RECORDS FOR THIS EXERCISE:

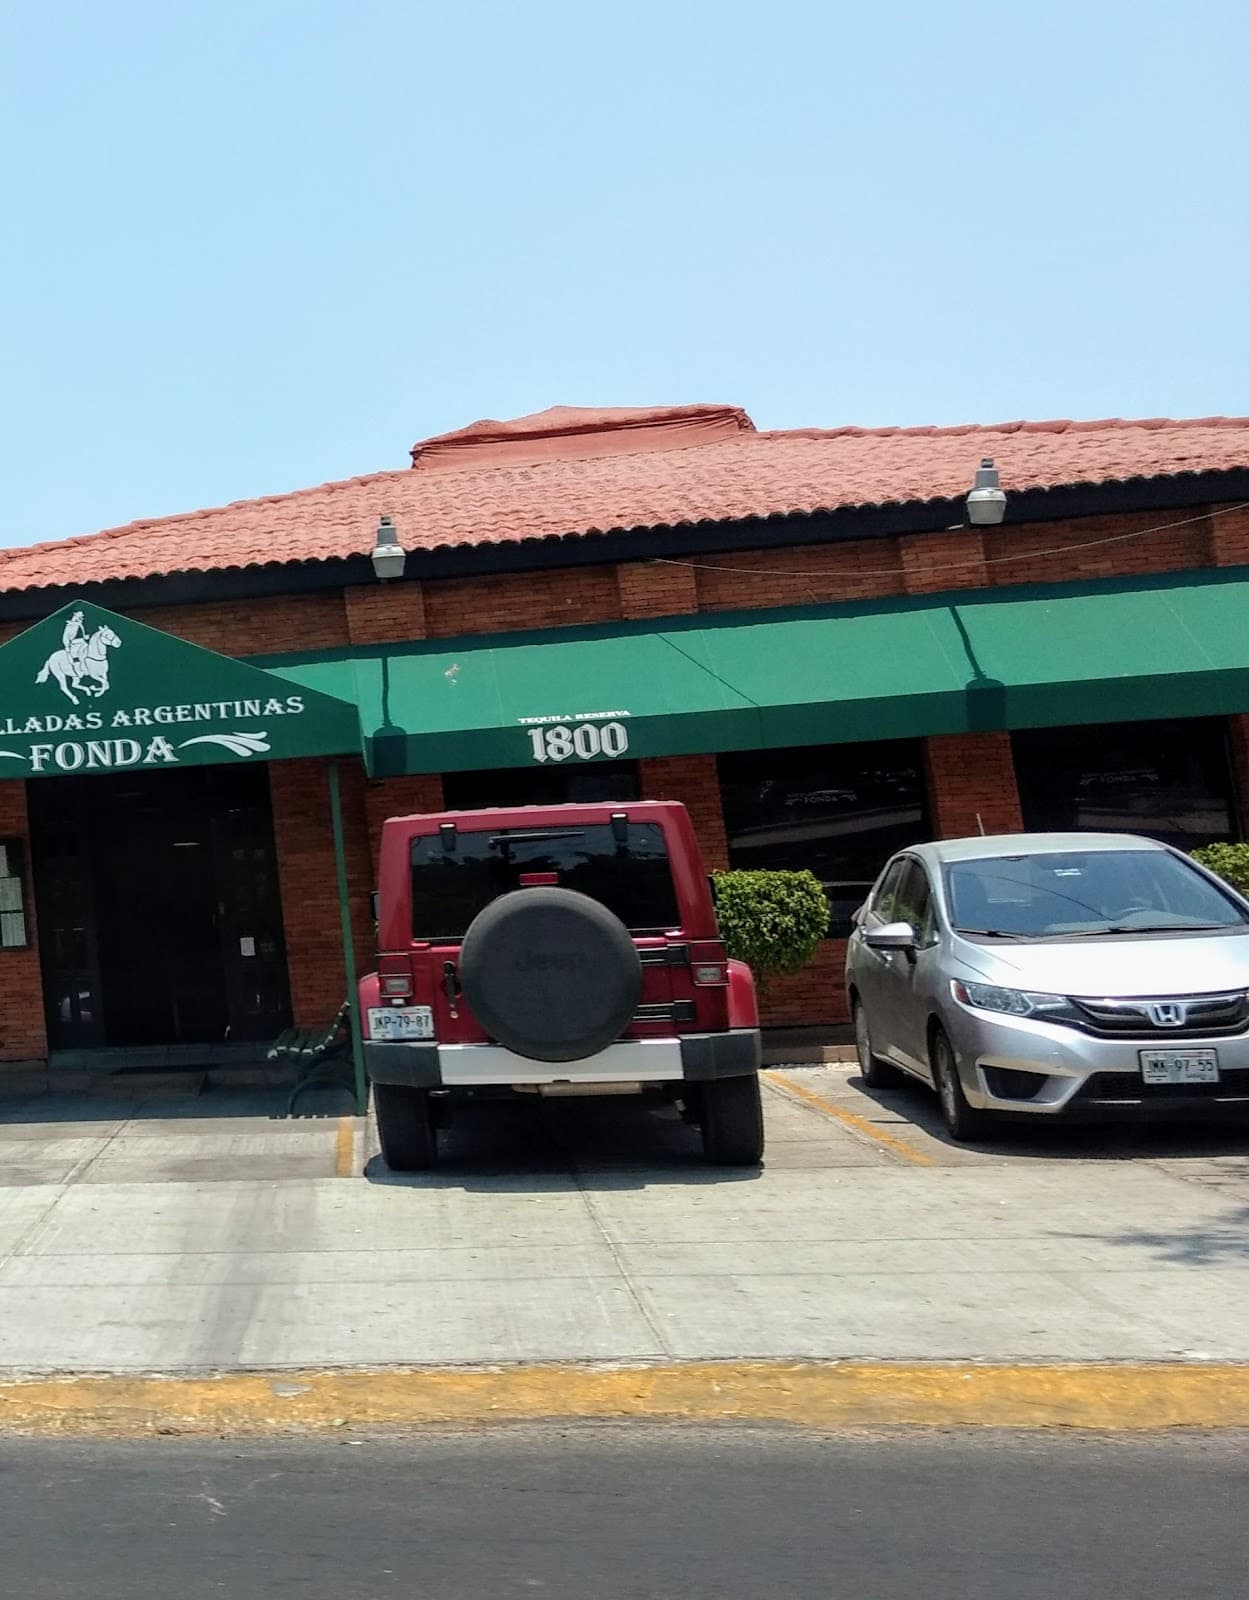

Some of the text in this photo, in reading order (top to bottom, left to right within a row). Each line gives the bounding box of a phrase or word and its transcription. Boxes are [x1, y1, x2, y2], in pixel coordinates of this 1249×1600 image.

[110, 696, 305, 728] ARGENTINAS
[516, 710, 631, 724] TEQUILA RESERVA
[28, 735, 181, 772] FONDA
[527, 722, 629, 762] 1800
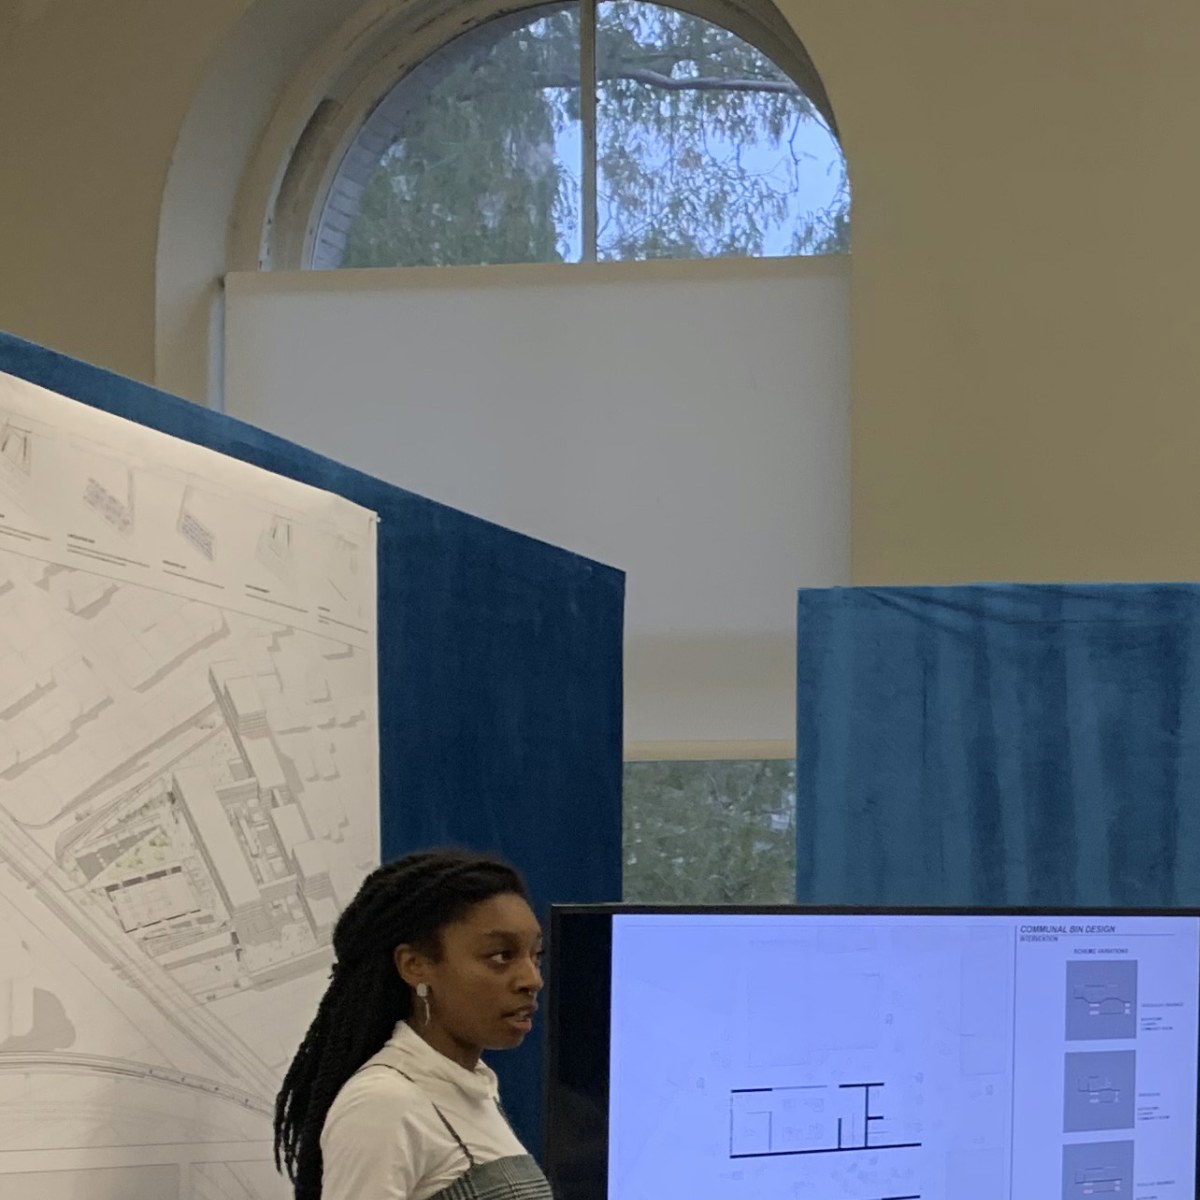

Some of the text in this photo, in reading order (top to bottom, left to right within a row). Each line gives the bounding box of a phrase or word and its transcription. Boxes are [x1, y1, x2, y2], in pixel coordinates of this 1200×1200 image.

[1020, 925, 1116, 933] COMMUNAL BIN DESIGN
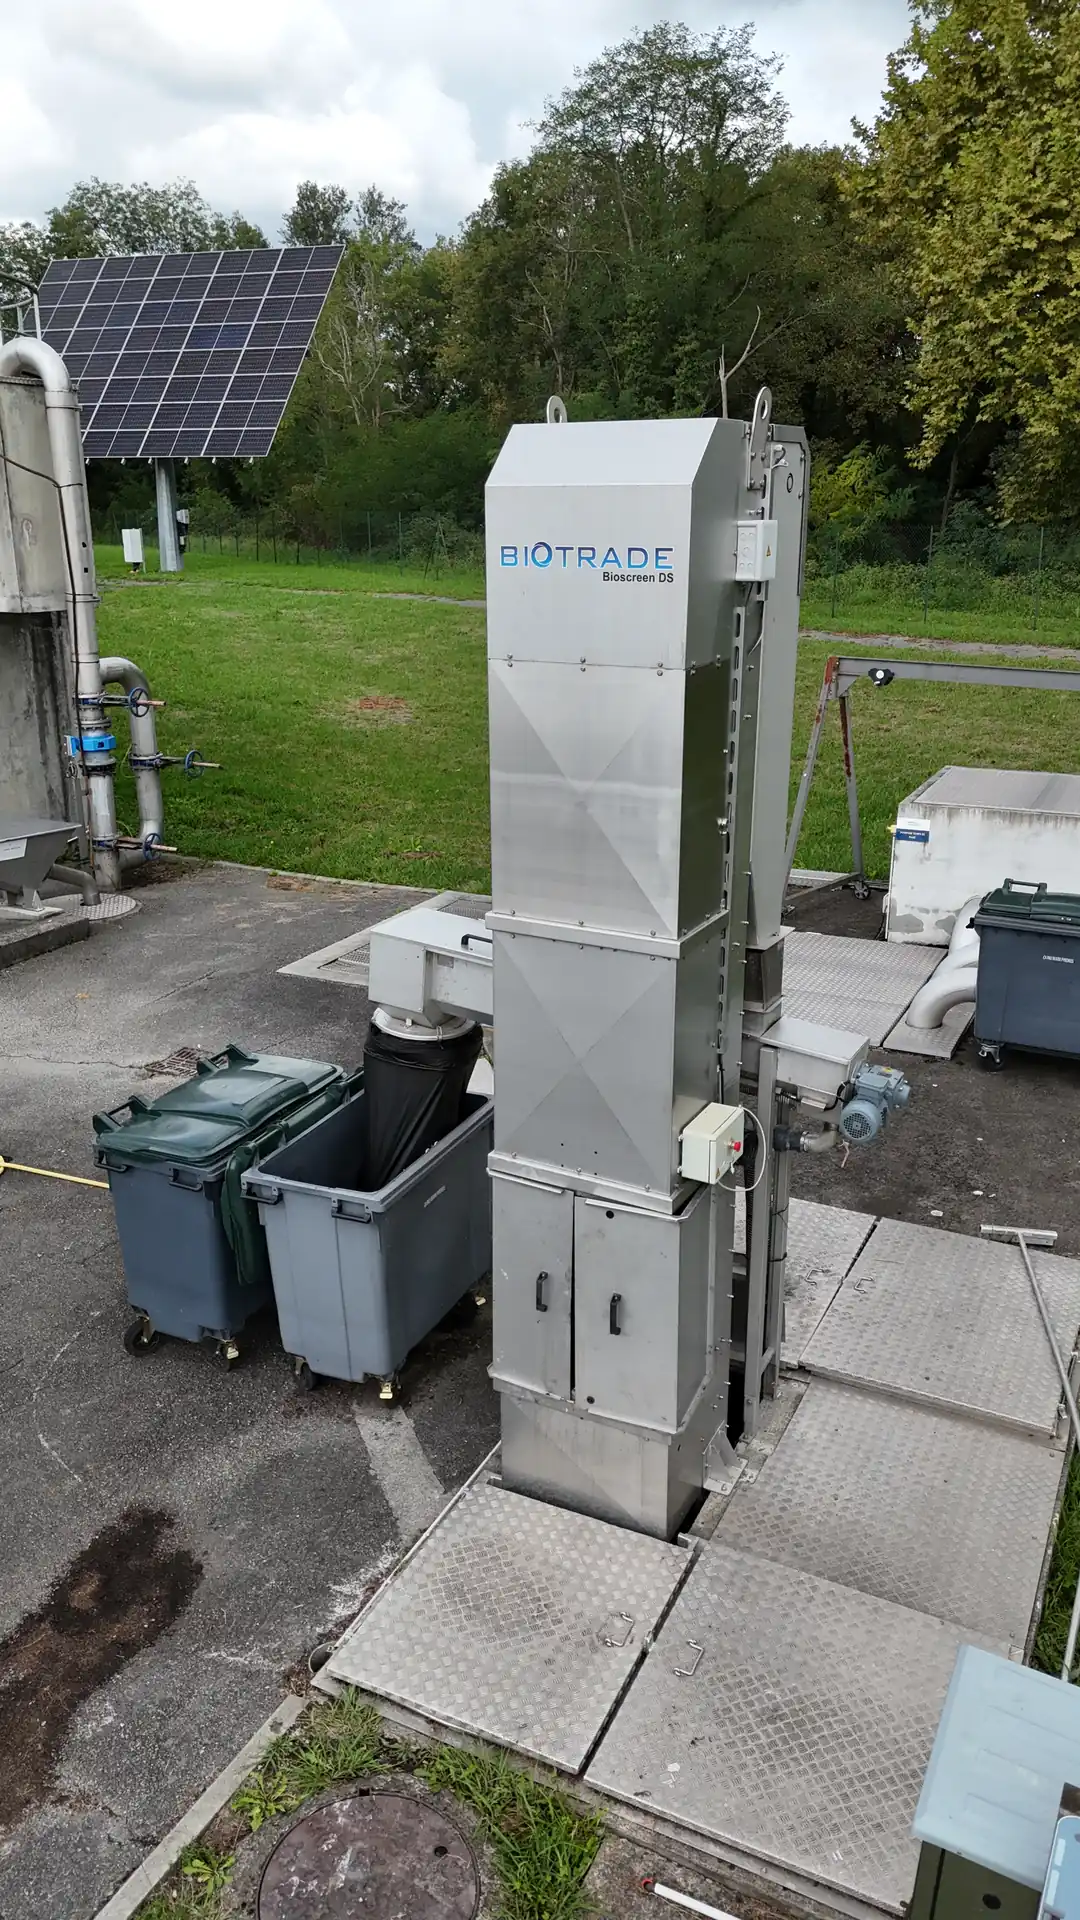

THE TASK: Please copy out the material above exactly, with the images removed.

OUTPUT OF THE TASK:
Some of the text in this photo, in reading order (top to bottom, left to right within a row). Each line gives the bounding box of a phrase or word and its transcription. Boxes are [x1, y1, x2, y2], in pixel coordinates of this 1249×1600 image.

[110, 696, 305, 728] ARGENTINAS
[516, 710, 631, 724] TEQUILA RESERVA
[28, 735, 181, 772] FONDA
[527, 722, 629, 762] 1800

Some of the text in this photo, in reading order (top to bottom, left to right within a row). Each line gives the bounding box of a phrase or word and its transcription. Boxes are [x1, y1, x2, y2], in pixel coordinates of this 1200×1200 image.

[1020, 925, 1116, 933] COMMUNAL BIN DESIGN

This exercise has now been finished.